_REQUIRED ACTION_
Quote the listing in full, exactly as given, minus any pictures.

_GIVEN RECORDS_
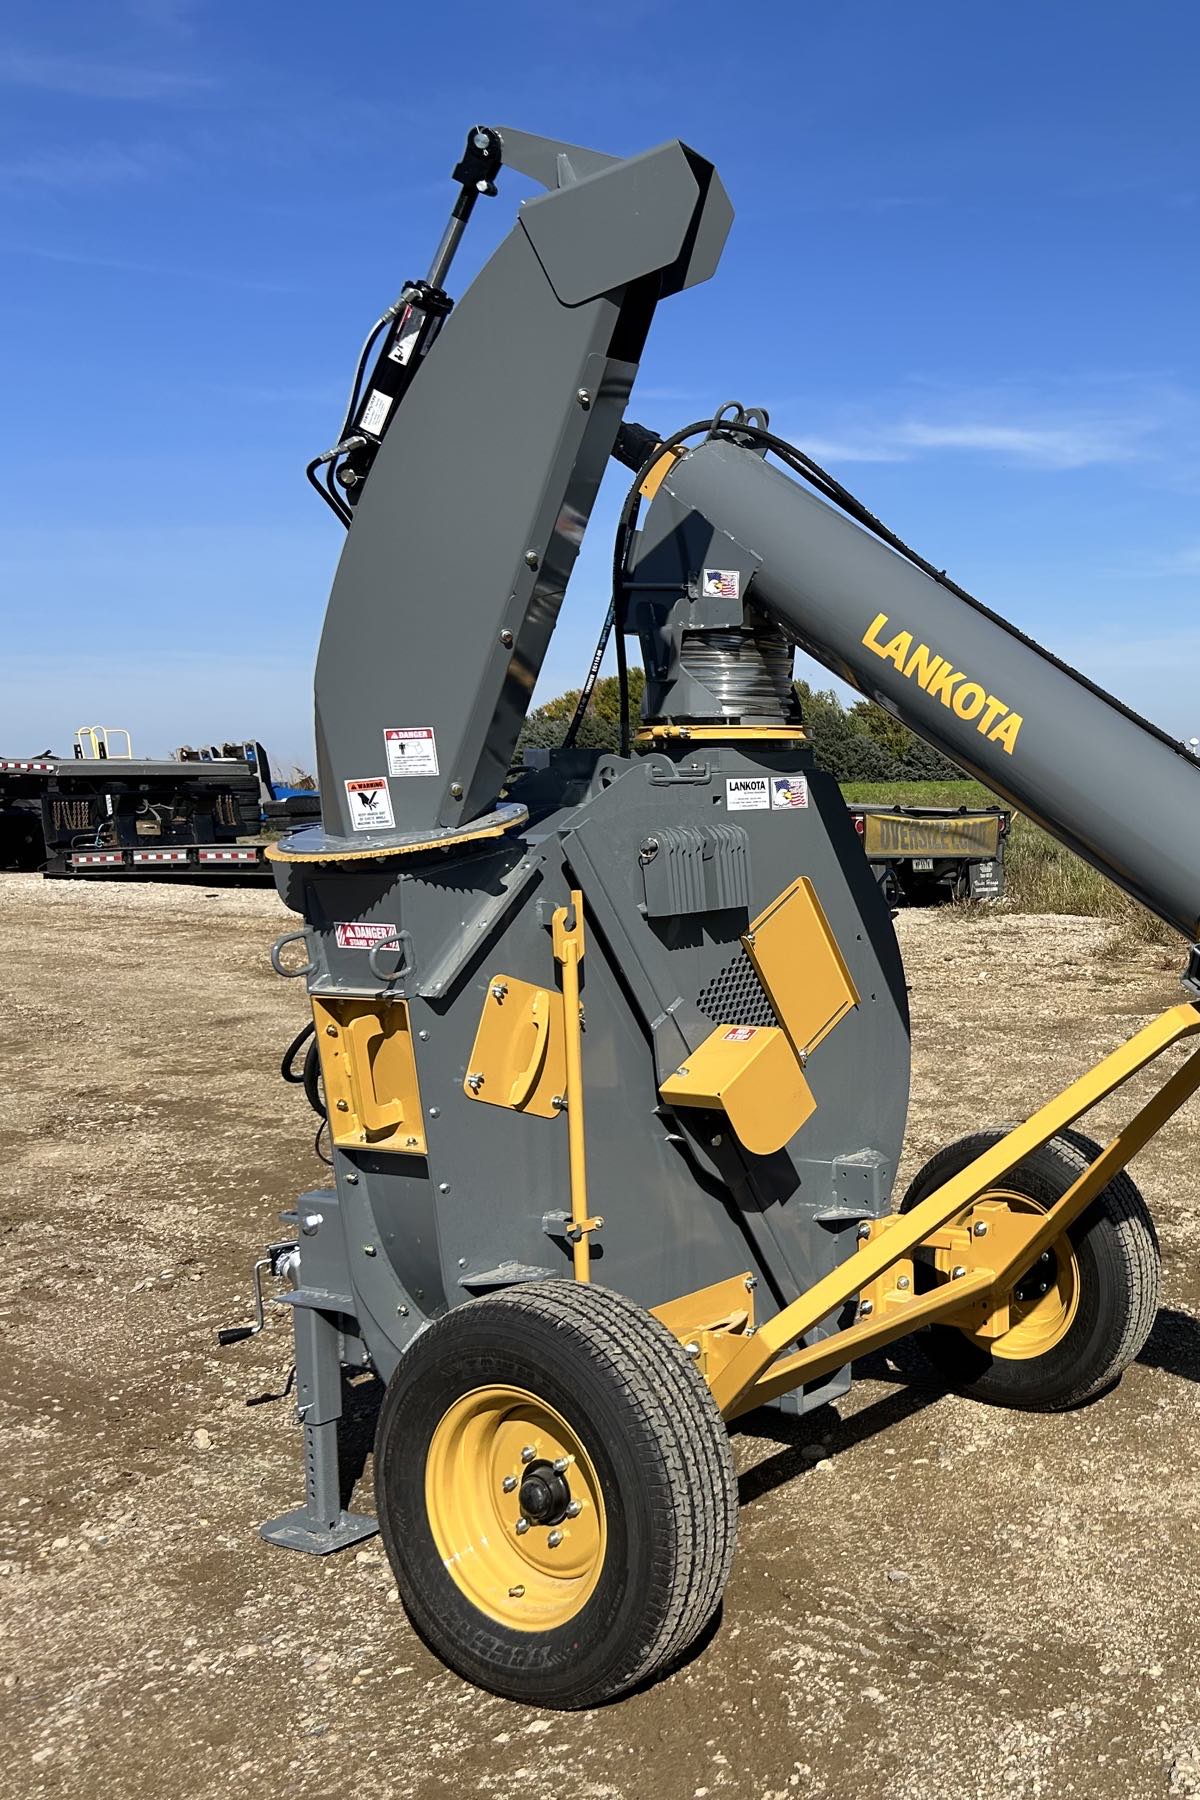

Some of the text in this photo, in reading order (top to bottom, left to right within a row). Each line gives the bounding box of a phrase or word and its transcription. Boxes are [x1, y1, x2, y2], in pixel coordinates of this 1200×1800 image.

[861, 612, 1024, 756] LANKOTA
[398, 730, 428, 739] DANGER
[357, 781, 383, 790] WARNING
[729, 780, 766, 792] LANKOTA
[880, 820, 950, 850] OVERSIZE
[354, 926, 388, 939] DANGER
[349, 938, 368, 946] STAND
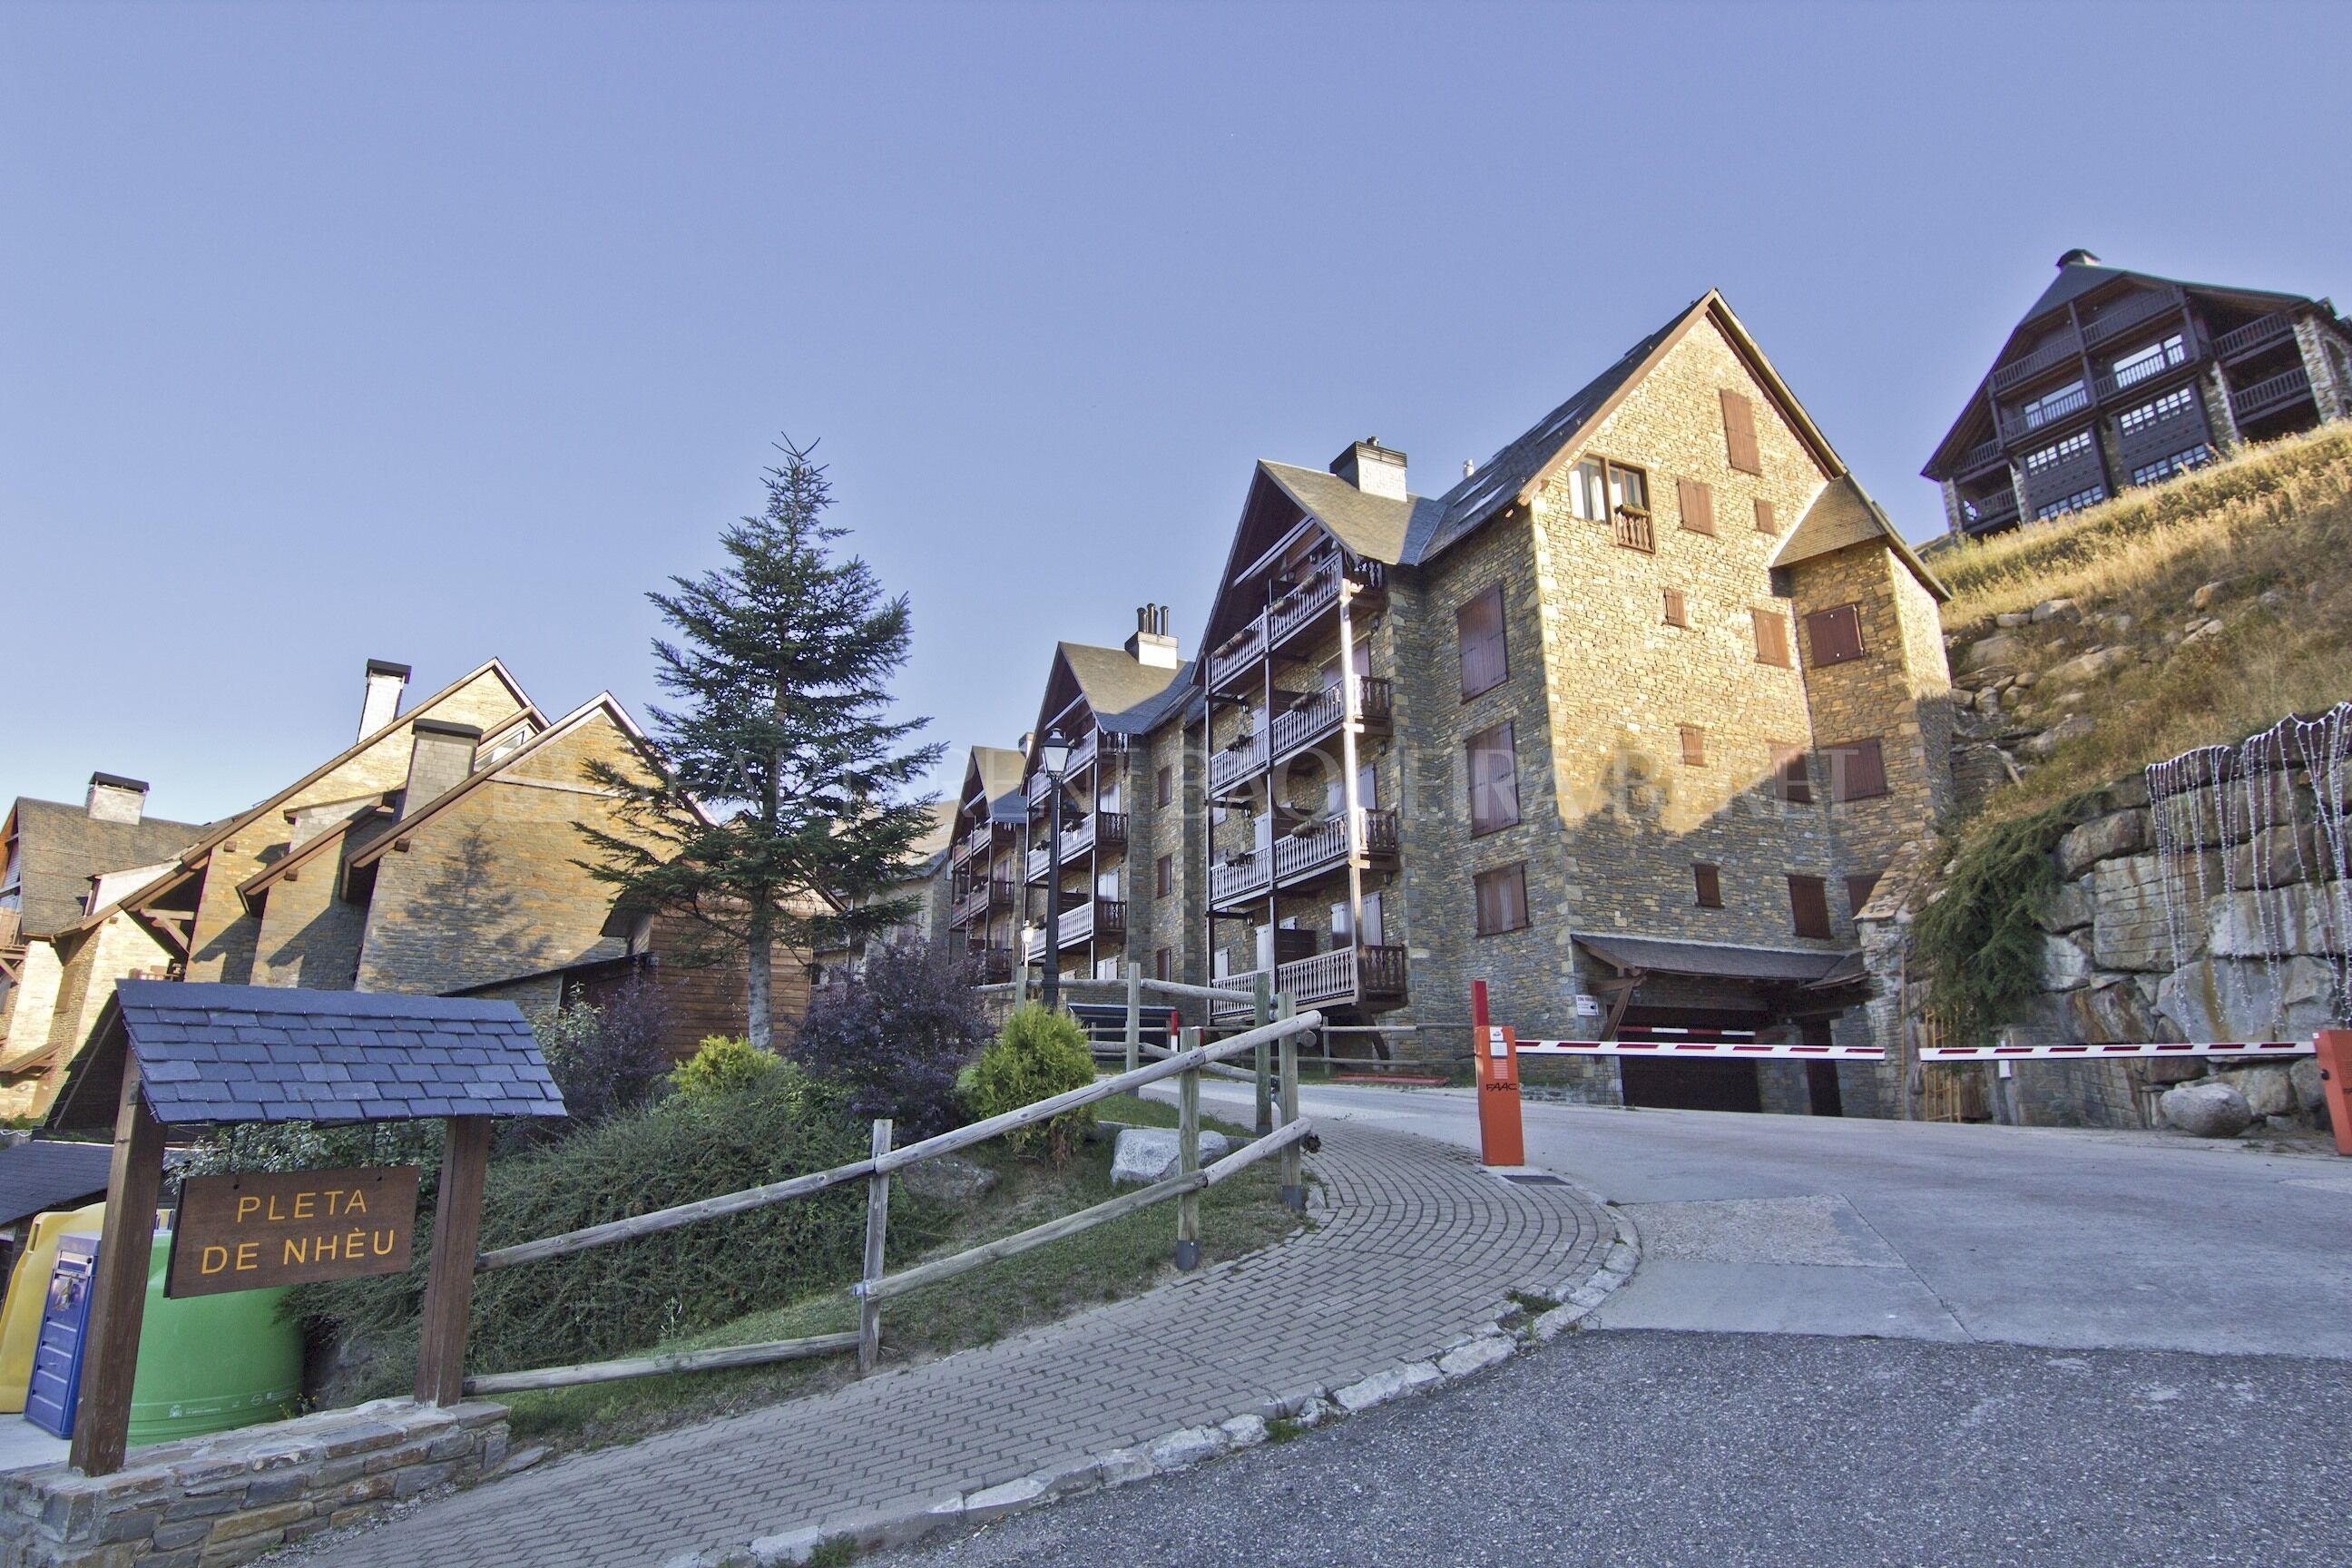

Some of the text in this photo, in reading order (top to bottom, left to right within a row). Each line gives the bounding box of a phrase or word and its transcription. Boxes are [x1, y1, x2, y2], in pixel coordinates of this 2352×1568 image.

[1485, 1083, 1517, 1092] FAAC
[237, 1190, 367, 1222] PLETA
[201, 1228, 395, 1274] DE NHÈU

_WRITTEN ANSWER_
Some of the text in this photo, in reading order (top to bottom, left to right within a row). Each line gives the bounding box of a phrase or word and its transcription. Boxes are [x1, y1, x2, y2], in pixel coordinates of this 1200×1800 image.

[861, 612, 1024, 756] LANKOTA
[398, 730, 428, 739] DANGER
[357, 781, 383, 790] WARNING
[729, 780, 766, 792] LANKOTA
[880, 820, 950, 850] OVERSIZE
[354, 926, 388, 939] DANGER
[349, 938, 368, 946] STAND

Some of the text in this photo, in reading order (top to bottom, left to right within a row). Each line gives the bounding box of a phrase or word and its transcription. Boxes are [x1, y1, x2, y2], in pixel coordinates of this 2352×1568 image.

[1485, 1083, 1517, 1092] FAAC
[237, 1190, 367, 1222] PLETA
[201, 1228, 395, 1274] DE NHÈU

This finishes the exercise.